Friday, November 6, 2015

‘Making a Peg Board Game’

Because I am in the bathroom, I am of course reading “The Pocket Daring Book for Girls.” Opening it randomly, I come across the instructions for “Making a Peg Board Game,” and I break out into a cold sweat.

I have never been handy. I have recaulked the bathtub 12 times in the last eight years; a professional is coming Tuesday. My skills are inversely proportional to the complexity of the task involved.

My grandfather was a masterful craftsman and gardener. His workroom was well-stocked and organized. He built his own Ping-Pong table, for chrissake, and it’s still standing. Unfortunately, I take after his son, my dad. I am a complete mechanical idiot. (It’s an anomaly – my offspring and other relatives can function pretty well in reality.)

Oh, I tried to reform. We had Boy Scout handbooks, and books on craftsmanship and woodcraft for boys. I don’t really know what girls did back in those days – hemstitching, playing the spinet, and waiting for inevitable impregnation? I used up a lot of wood, and nails, and saw blades, creating a lot of Cubist-looking sailing vessels that were promptly lost down Ralston Creek. But following instructions?

With apologies to authors Buchanan and Peskowitz, whose book is actually a godsend for young women who, quite rightly, know that DIY fun and adventure is no longer the province of boys only –

“Perfect for car trips and rainy days, this ancient logic game is surprisingly easy to make, but difficult to master.”

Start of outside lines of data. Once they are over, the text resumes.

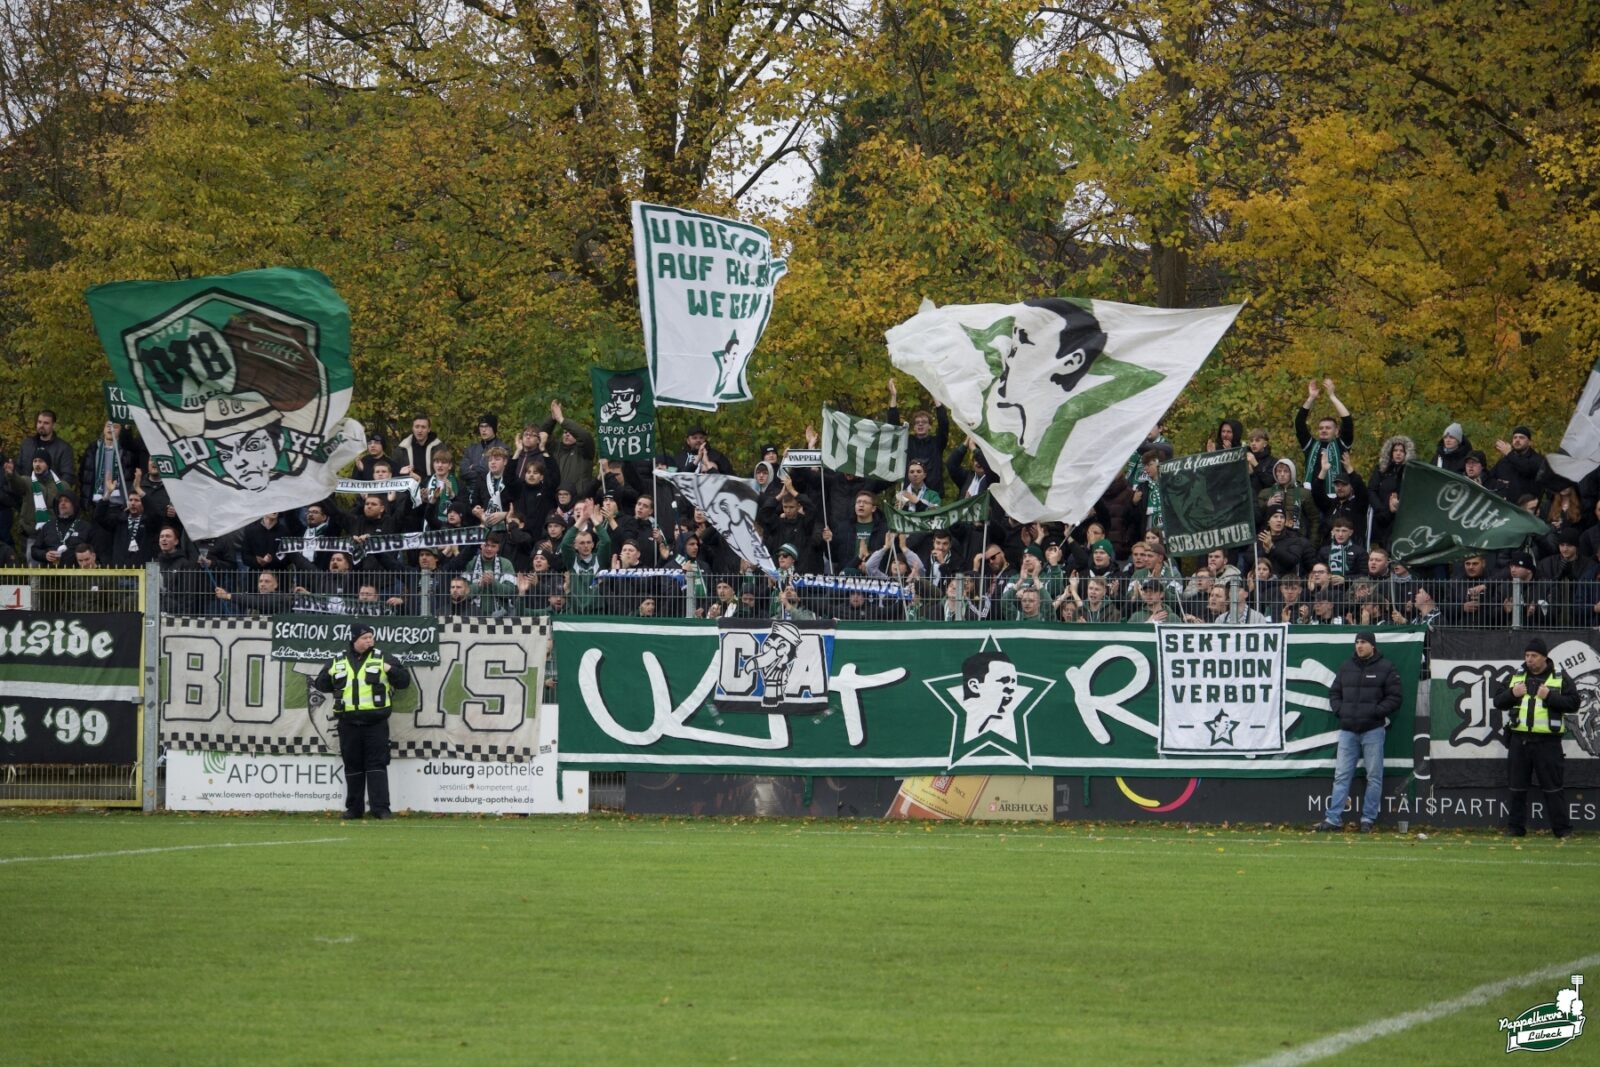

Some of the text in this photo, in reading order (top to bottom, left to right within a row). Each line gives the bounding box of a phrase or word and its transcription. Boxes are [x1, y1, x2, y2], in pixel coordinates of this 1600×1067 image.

[658, 253, 713, 281] AUF
[598, 422, 654, 435] SUPER EASY
[1183, 456, 1193, 470] &
[1168, 523, 1250, 554] SUBKULTUR
[803, 573, 900, 595] CASTAWAYS
[5, 587, 24, 609] 1
[275, 621, 329, 641] SEKTION
[1165, 632, 1279, 653] SEKTION
[1171, 658, 1273, 679] STADION
[1558, 651, 1587, 670] 1919
[1171, 684, 1273, 704] VERBOT
[226, 763, 344, 785] APOTHEK
[201, 791, 342, 801] www.loewen-apotheke-flensburg.de
[433, 796, 534, 805] www.duburg-apotheke.de
[998, 803, 1049, 813] AREHUCAS

If you have seen this triangular brain teaser before, you know the gist of it. 15 holes, 14 golf tees. Jump the tees over each other until only one is left. Or you’re dumb. Twenty minutes with one of these and I am ready for a conniption fit. These litter the tables at Cracker Barrels nationwide. I have found golf tees in my food there.

In fact, I didn’t realize the playing pieces were golf tees until I played golf for the first and last time. “Hey,” I said, “why are you putting your golf ball on that triangular game board piece?”

In the car, the pieces keep getting lost and resurface stuck to, or into, your heinie. Now that we have roaming data plans, the only way this game is going to be used in the car is if you’re in a dead wifi spot, or to batter a hitchhiker to death with. Rainy days, same thing – I prefer to kill hitchhikers on rainy days, anyway. It’s more romantic.

“Needed: one flat board 6” x 6” (at least one inch thick is a good size). Any shape is fine; it doesn’t have to be triangular.”

Oh, lord, I see a glimmer of light! I had the saw out and was just thinking about how, when I cut in any direction save the grain, the saw shudders, rocks, bolts, and the blade silently and swiftly takes off extra pounds in seconds. Whew.

I now have a random chunk of wood. Next:

“14 fluted dowel pins, 5/16” x 1 1/2”. Available at any hardware store.”

Oh, really, smartass? Have you been to my local hardware store lately? It’s not the place where everyone has matching aprons. It’s run by Bob, a non-recovering alcoholic with memory problems. There are no “departments,” or “signs,” or “aisles.” This makes every quest for a specific part a kind of stream-of-consciousness spelunking expedition. Fluted dowel pins? Fluted dowel pins. They sound expensive.

“Ruler” Wow. Now . . . you’d think, since my children have to buy a new ruler each every September, as they can’t of course hang on to them (are they helicoptered with glee out the bus windows on the way back from the last day of school?), that we – would – have – a – RULER in this house! All right. All right. Breathe. I have a 3” x 5” card, I’ll fake it.

“Power drill, with a 5/16” bit.” You really don’t know anything about me, do you? Sigh.

“Make a dot at the top of the board for your starting point.” What is the top? Are there guidelines on what constitutes the top of a chunk of wood? Is it my call? These profound metaphysical questions can often crowd out the task at hand, leaving me contemplating silently until it gets dark outside and I am brought in.

“Lightly draw one diagonal line and then another, marking your triangle on the wood.” AHA! So they want you to make a triangle anyway! I get it. Clever. They totally styled me by not making me use a power saw.

“In addition to the top dot, mark four dots down one side of the triangle, four along the other side, and three dots along the bottom.”

Yeah, yap, I’m doing it. This might work!

“Draw dots for the middle holes, too. Use your ruler so everything lines up.” Meh.

“Drill a ½” hole right where you have drawn each dot.”




Oh, the hell with it. Say, would you call 911, please? I need to go lie down.